Return the final result after applying the clumsy operation rotation. For example, n = 4 produces 7 because the operations are applied as 4 * 3 / 2 + 1, and n = 10 produces 12 because the operations are applied as 10 * 9 / 8 + 7 - 6 * 5 / 4 + 3 - 2 * 1.
Examples
Example 1
Input: n = 4
Output: 7
7 = 4 * 3 / 2 + 1
Example 2
Input: n = 10
Output: 12
12 = 10 * 9 / 8 + 7 - 6 * 5 / 4 + 3 - 2 * 1
Constraints
- 1 <= n <= 104
Solution Approach
Stack-based Simulation
Use a stack to process the sequence of operations while iterating from n down to 1. Push the initial number, then for each subsequent number, apply the next operation in the rotation and update the stack to preserve correct precedence. Multiplication and division update the top of the stack, addition and subtraction push new values.
Operation Rotation Management
Track the operation rotation using a counter or modulo approach to ensure the order '*', '/', '+', '-' repeats correctly. This ensures each number is combined properly, and arithmetic order is maintained for left-to-right multiply/divide before addition/subtraction.
Final Aggregation
After processing all numbers, sum all values in the stack to compute the final clumsy factorial result. This guarantees that intermediate multiplication and division steps are fully resolved and addition/subtraction steps are aggregated correctly.
Complexity Analysis
| Metric | Value |
|---|---|
| Time | Depends on the final approach |
| Space | Depends on the final approach |
Time complexity is O(n) because each number from n to 1 is processed once, and each stack operation is O(1).

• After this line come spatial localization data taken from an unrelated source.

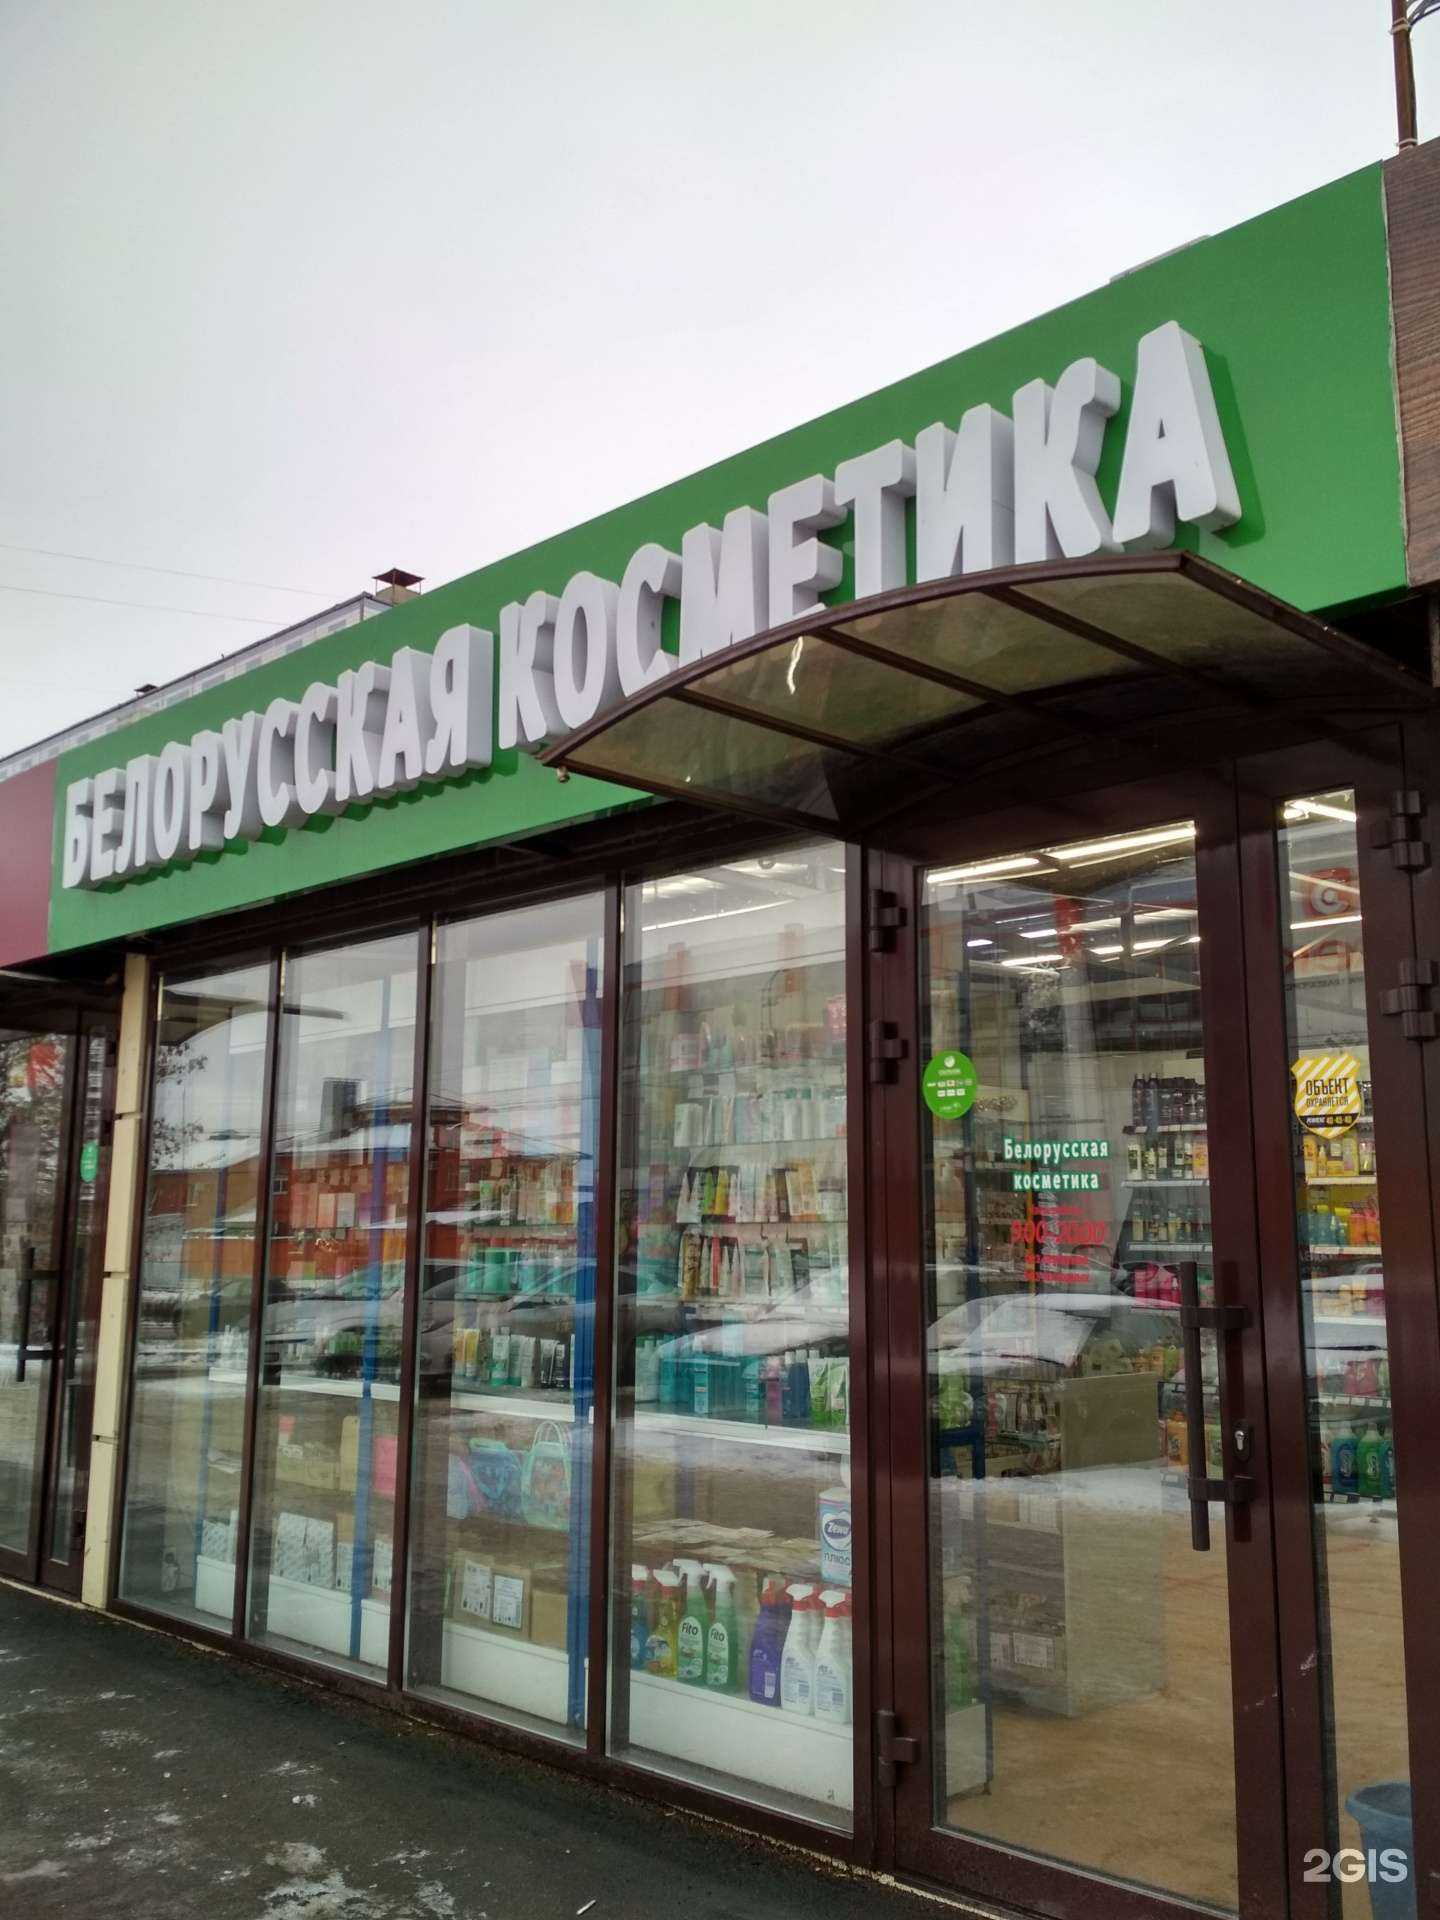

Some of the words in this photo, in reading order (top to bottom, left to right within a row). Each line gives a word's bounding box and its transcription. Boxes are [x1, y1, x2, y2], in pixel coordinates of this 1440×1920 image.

[62, 623, 494, 889] БЕЛОРУССКАЯ
[499, 320, 1241, 750] КОСМЕТИКА
[1305, 1077, 1349, 1096] ОБЪЕКТ
[1003, 1138, 1108, 1164] Белорусская
[1013, 1171, 1099, 1190] косметика

Space complexity is O(n) in the worst case due to storing intermediate results in the stack.
What Interviewers Usually Probe
- Check if the candidate respects left-to-right multiplication/division precedence before addition/subtraction.
- Look for efficient stack usage to avoid recalculating intermediate results multiple times.

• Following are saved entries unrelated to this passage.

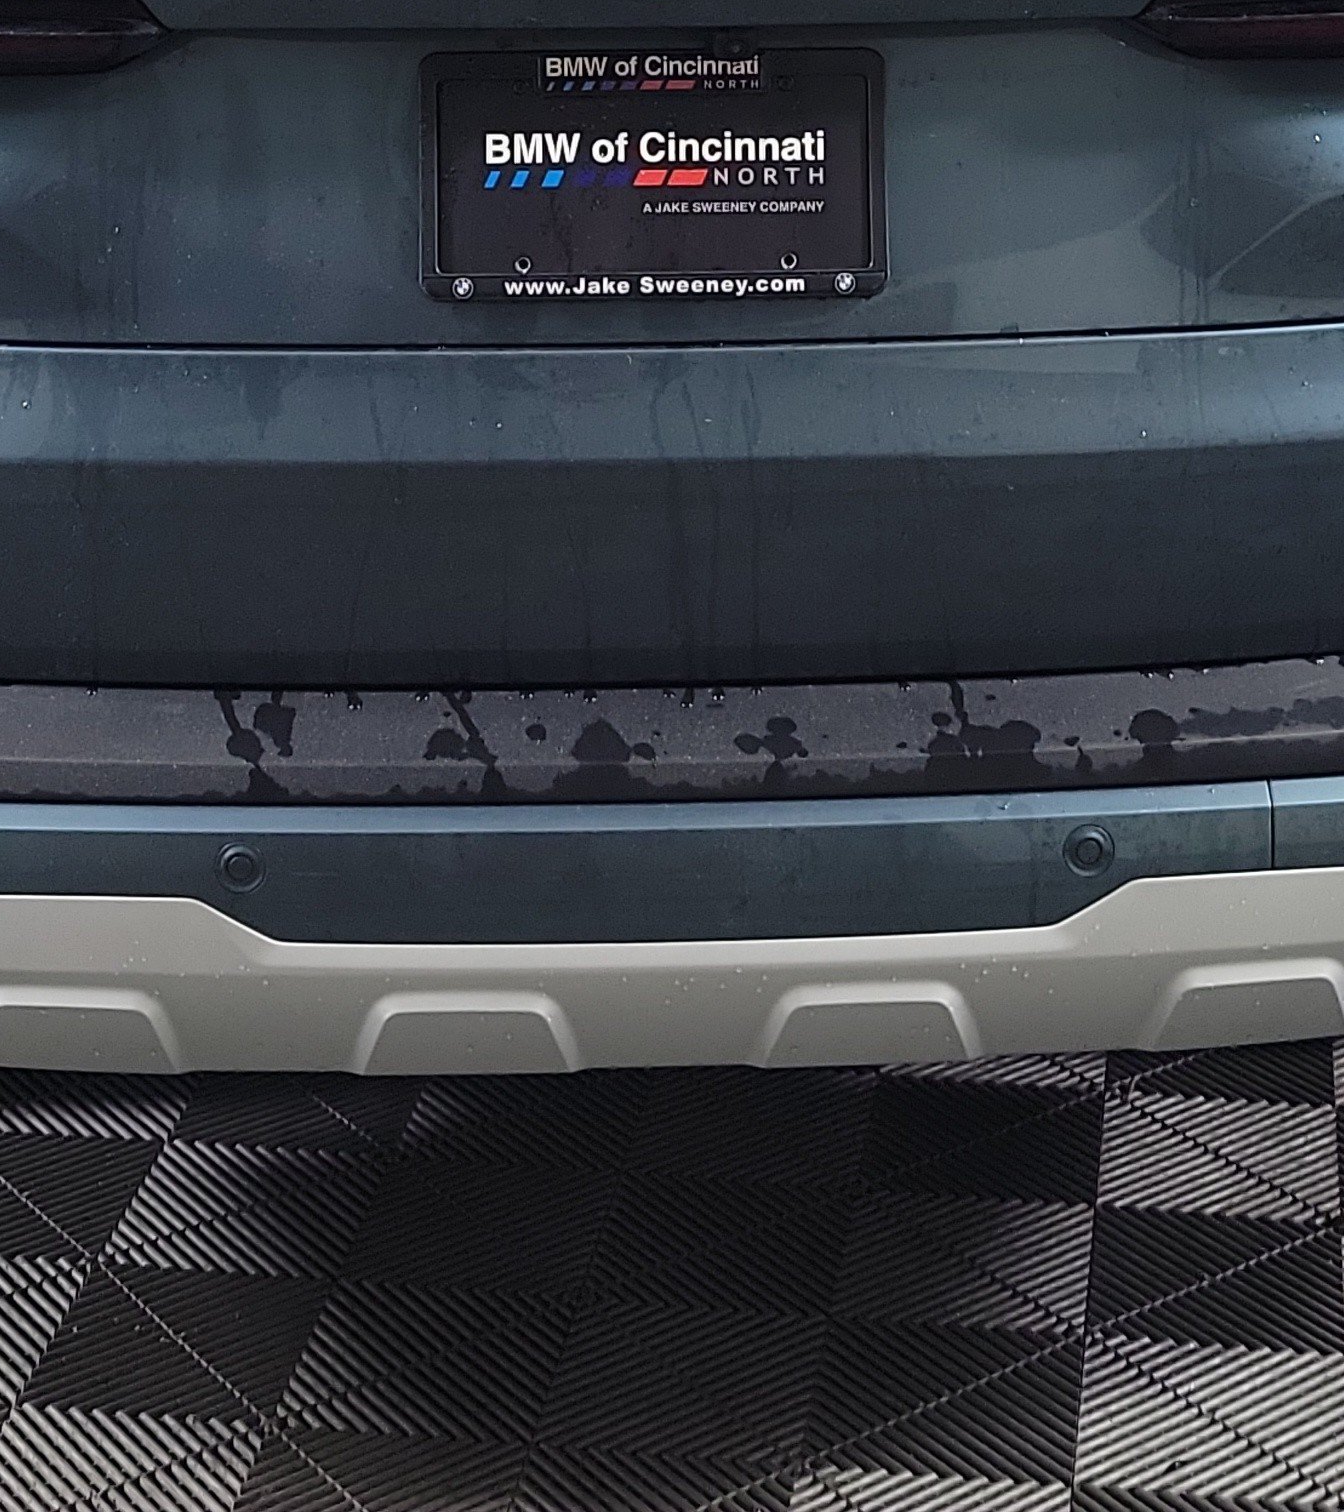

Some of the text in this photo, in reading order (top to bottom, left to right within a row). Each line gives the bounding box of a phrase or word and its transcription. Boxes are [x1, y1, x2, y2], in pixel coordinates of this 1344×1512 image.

[545, 55, 759, 77] BMW of Cincinnati
[703, 80, 759, 89] NORTH
[485, 130, 825, 165] BMW of Cincinnati
[713, 167, 825, 186] NORTH
[642, 201, 825, 213] A JAKE SWEENEY COMPANY
[504, 276, 805, 297] www.Jake Sweeney.com

- Observe whether the rotation of operations is correctly implemented and cycled through.
Common Pitfalls or Variants
Common pitfalls
- Failing to apply multiplication and division left to right before addition and subtraction.
- Incorrectly handling the operation rotation, especially after the first cycle.
- Attempting recursive factorial computation without considering operation order, leading to wrong results.
Follow-up variants
- Compute clumsy factorial for a subset of numbers with custom operation sequences.
- Implement the clumsy factorial using recursion instead of stack simulation.
- Optimize space by using variables instead of a stack to track intermediate results.
FAQ
What exactly is the clumsy factorial pattern?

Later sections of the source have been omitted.